Au bout de ce chemin qui venait se perdre sous les bois, une grande propriété semblait se reposer depuis plusieurs jours. La Mini Cooper gris foncé se présenta devant le portail du jardin de cet homme athlétique. Le conducteur sortit de la citadine et manipula un petit clavier dissimulé dans le pilier du vantail gauche. Alors que les deux battants s’ouvraient, l’homme regagna sa place au volant et s’engagea dans l’allée qui se présentait maintenant. Le véhicule fut bientôt immobilisé dans le garage fermé où une place restait libre entre la familiale et le coupé sport bâché. L’homme sortit du véhicule et se dirigea vers le portail pour le refermer, puis releva son courrier, qui attendait depuis trois semaines dans la boîte aux lettres. Il entra dans la maison, hantée de souvenirs amers.
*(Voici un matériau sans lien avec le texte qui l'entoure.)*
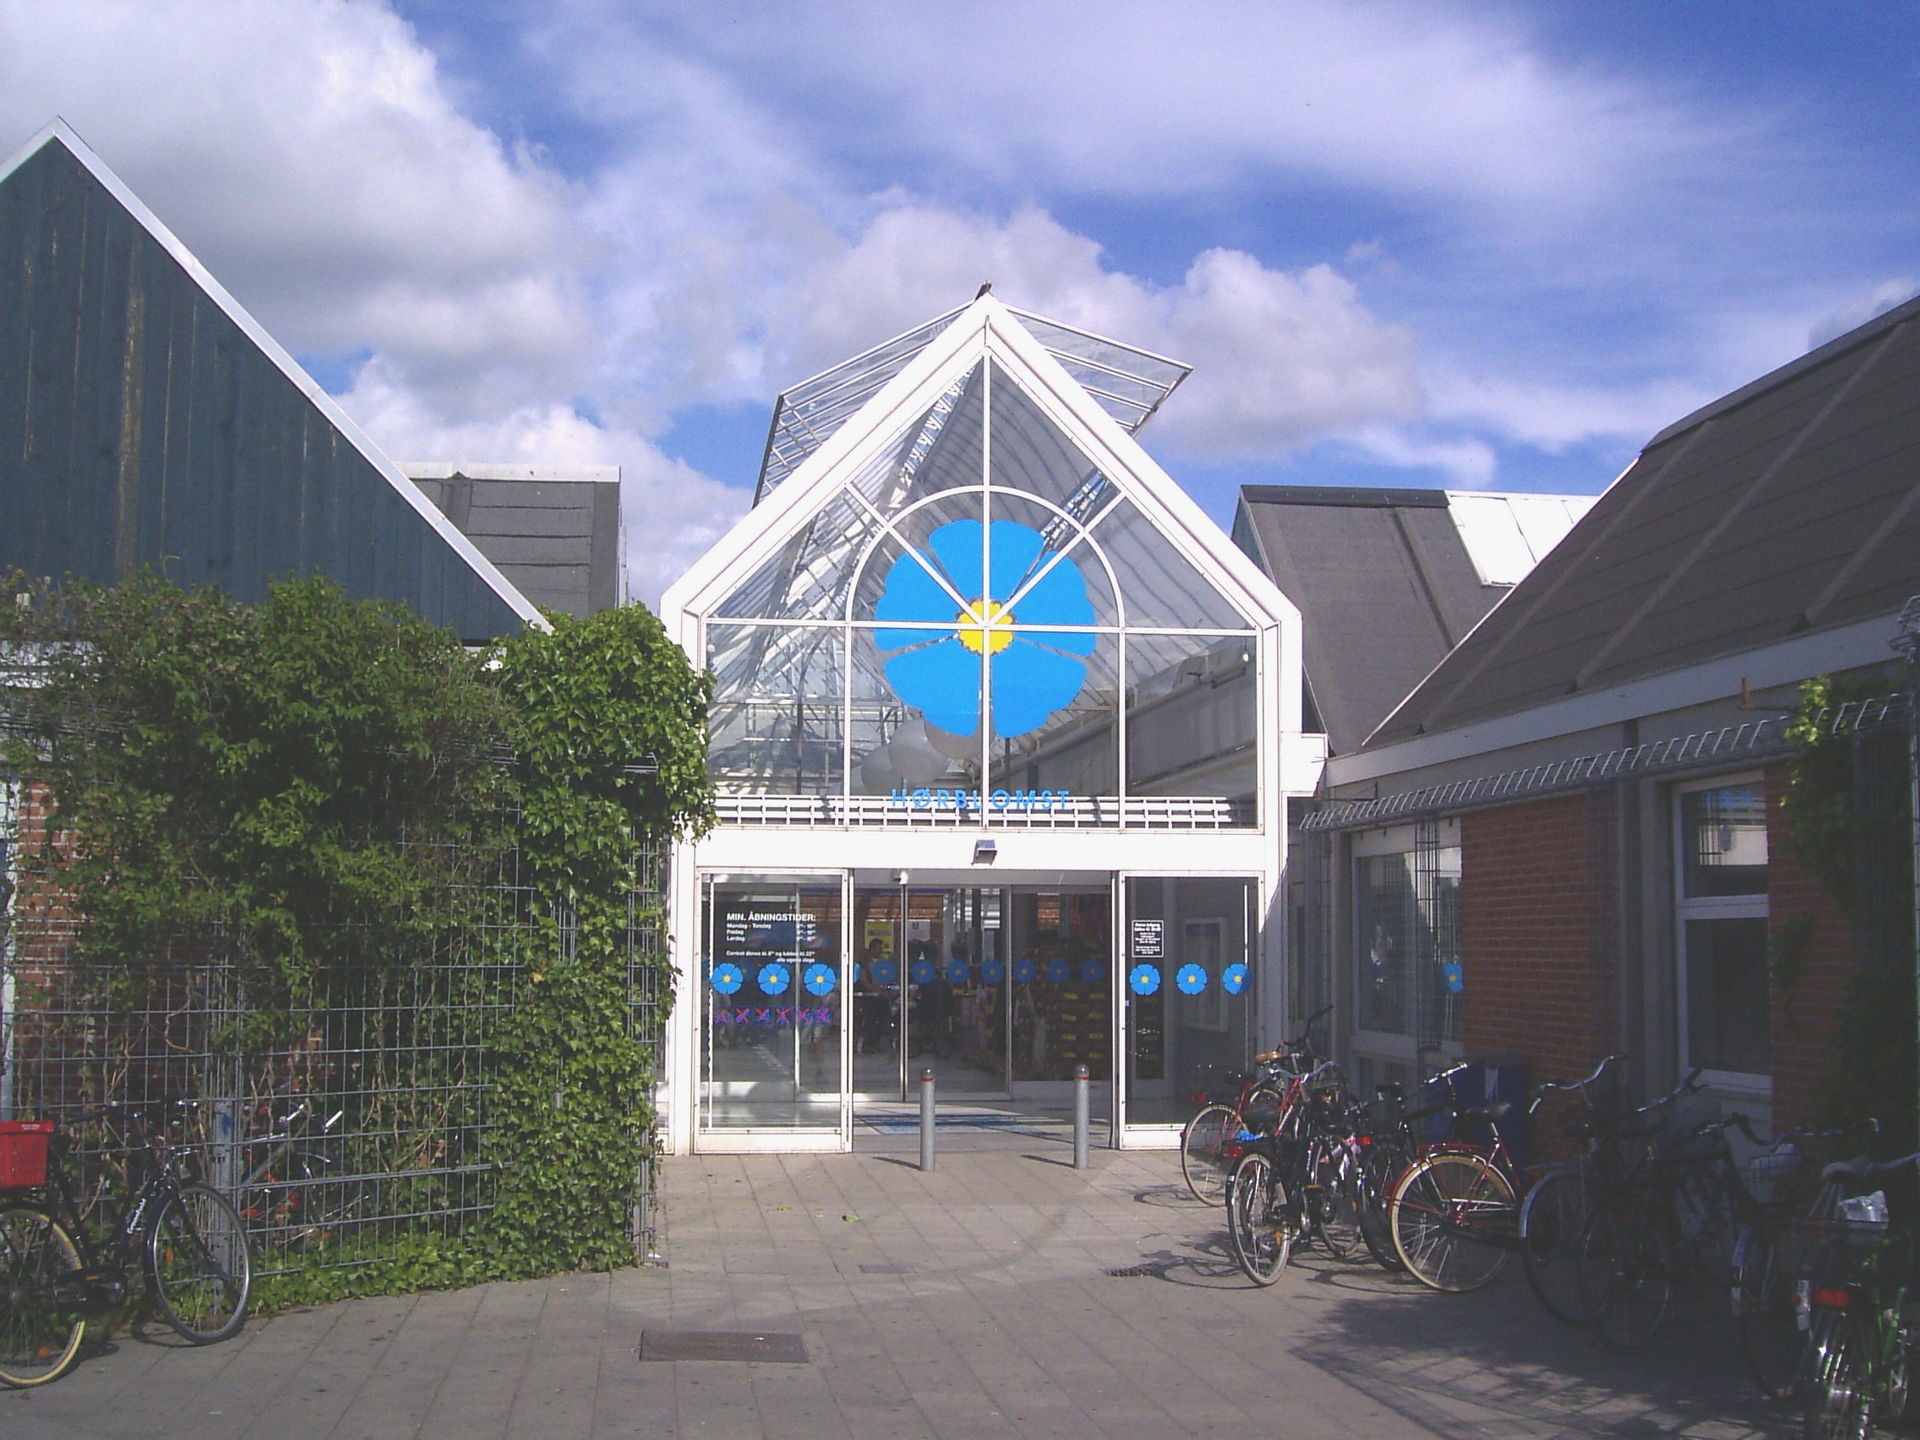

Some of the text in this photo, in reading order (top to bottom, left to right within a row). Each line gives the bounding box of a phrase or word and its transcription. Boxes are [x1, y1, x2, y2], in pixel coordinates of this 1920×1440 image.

Une douche rafraîchissante, relaxante, la brosse à dent, le rasoir à cinq lames. Enfin, des vêtements propres furent enfilés, un pantalon de toile marron foncé, un polo blanc qui fit ressortir les muscles saillants de ses bras bronzés. Après avoir réajusté sa montre à son poignet, Hector se fit couler un café dans le percolateur que ses enfants avaient choisi comme cadeau pour la dernière fête de Noël. Plein d’amertume, il s’installa, tasse à la main, à la table de la cuisine et commença à consulter son courrier. Entre diverses publicités et autres lettres de condoléance qu’il avait encore reçues après les obsèques de ses enfants, sauvagement assassinés devant ses yeux au printemps dernier, une enveloppe ridiculement petite attira son attention. « Hector Fischer » était la seule mention inscrite sur la face, pas de timbre, pas de tampon des services postaux. Hector décacheta l’enveloppe dans laquelle avait été glissée une petite feuille cartonnée de sept centimètres par trois. Il lut à voix haute, particulièrement intrigué, l’unique phrase typographiée.

— Tu te souviens de moi ?

Reposant la carte sur la table, il engloutit son café, attrapa son téléphone puis un porte-clés métallique, approximativement triangulaire, formé de deux ailes stylisées, au milieu duquel une bande rectangulaire vert foncé portait, en police Optima, le nom de la prestigieuse marque automobile britannique fondée par Lionel Martin et Robert Bamford, en 1913. Il fila dans le jardin. Sans prendre le temps de refermer derrière lui la porte du garage, il débâcha l’Aston-Martin V8 Vantage noire Millésime 1980, en déverrouilla la porte et s’installa au volant. À l’instant où il démarra le puissant moteur à huit cylindres en V, son téléphone portable se mit à sonner. L’écran affichait la photo en pied d’un homme trapu, aux cheveux bruns, à peine plus grand que la femme élancée aux cheveux noirs qu’il tenait chaleureusement par l’épaule. La photo était barrée du prénom de Roger. Hector coupa le contact et ouvrit le cendrier dans lequel était dissimulé un port de branchement. Il y connecta son portable. Aussitôt, l’image de Roger prit vie en hologramme sur le siège passager pour une visioconférence.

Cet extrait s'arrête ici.